Central Serous Chorioretinopathy (CSCR) is characterized by the accumulation of a blister of fluid under the central retina or the macula. Patients experience symptoms of blurring of central vision in one eye and occasionally minification of the image seen compared with the other eye.The exact cause of central serous chorioretinopathy is not known, but several theories exist as to the underlying cause. One theory is that the Retinal Pigment Epithelium which is a single layer of cells under the retina becomes leaky allowing fluid to accumulate under the retina. Another theory, is that the choroid, which is the vascular coat external to the retinal pigment epithelium becomes congested resulting in fluid exudation into the space under the retina. Central Serous Chorioretinopathy occurs more commonly in males between the age of 25 – 45.
Optical Coherence Tomography scan showing fluid accumulating under the retina in CSCR. There is also a small locallised detachment of the retinal pigment epithelium present (Pigment epithelial detachment or PED)
In most cases of CSCR, the fluid under the retina resorbs spontaneously with a resultant clearing of the vision. The patient may however have persistent symptoms of minification of the image, distortion, reduced contrast sensitivity and the sensation that colours are washed out when looking through the affected eye.
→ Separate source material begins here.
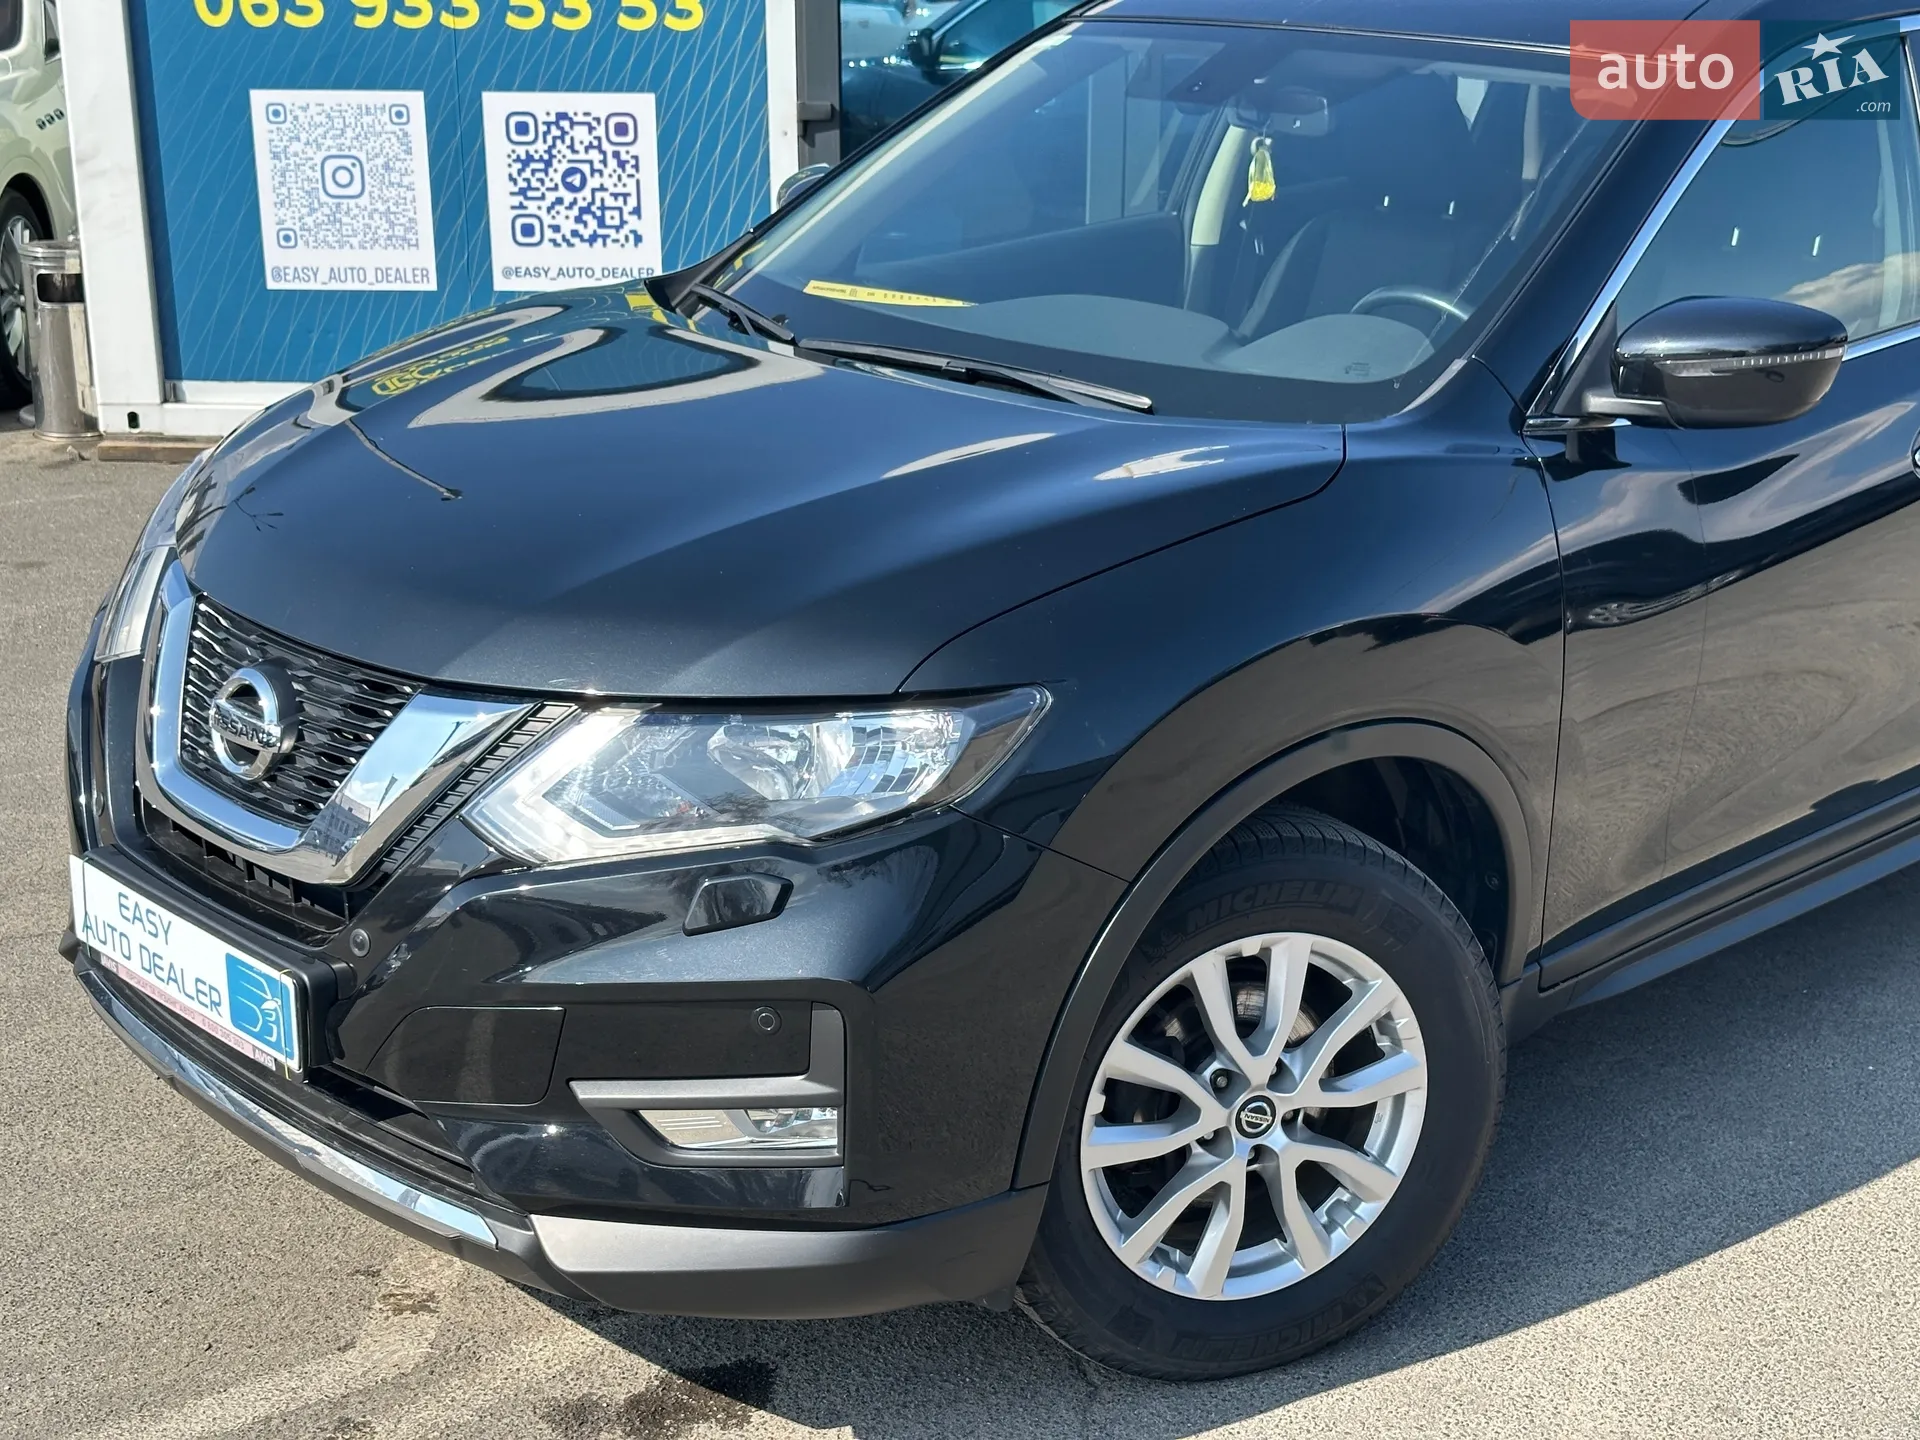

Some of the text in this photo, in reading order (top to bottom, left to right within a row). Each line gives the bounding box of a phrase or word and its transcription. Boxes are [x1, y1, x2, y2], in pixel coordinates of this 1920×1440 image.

In cases whereby the fluid does not resolve spontaneously, a fluorescein angiogram to identify the site of leakage may be performed. If a leaking spot can be identified on fluorescein angiography, it may be possible to treat this leaky spot either with laser. Either a warm (thermal photocoagulation) or a cold laser (photodynamic therapy) may be used depending on how close the leaking spot is to the direct centre of the retina.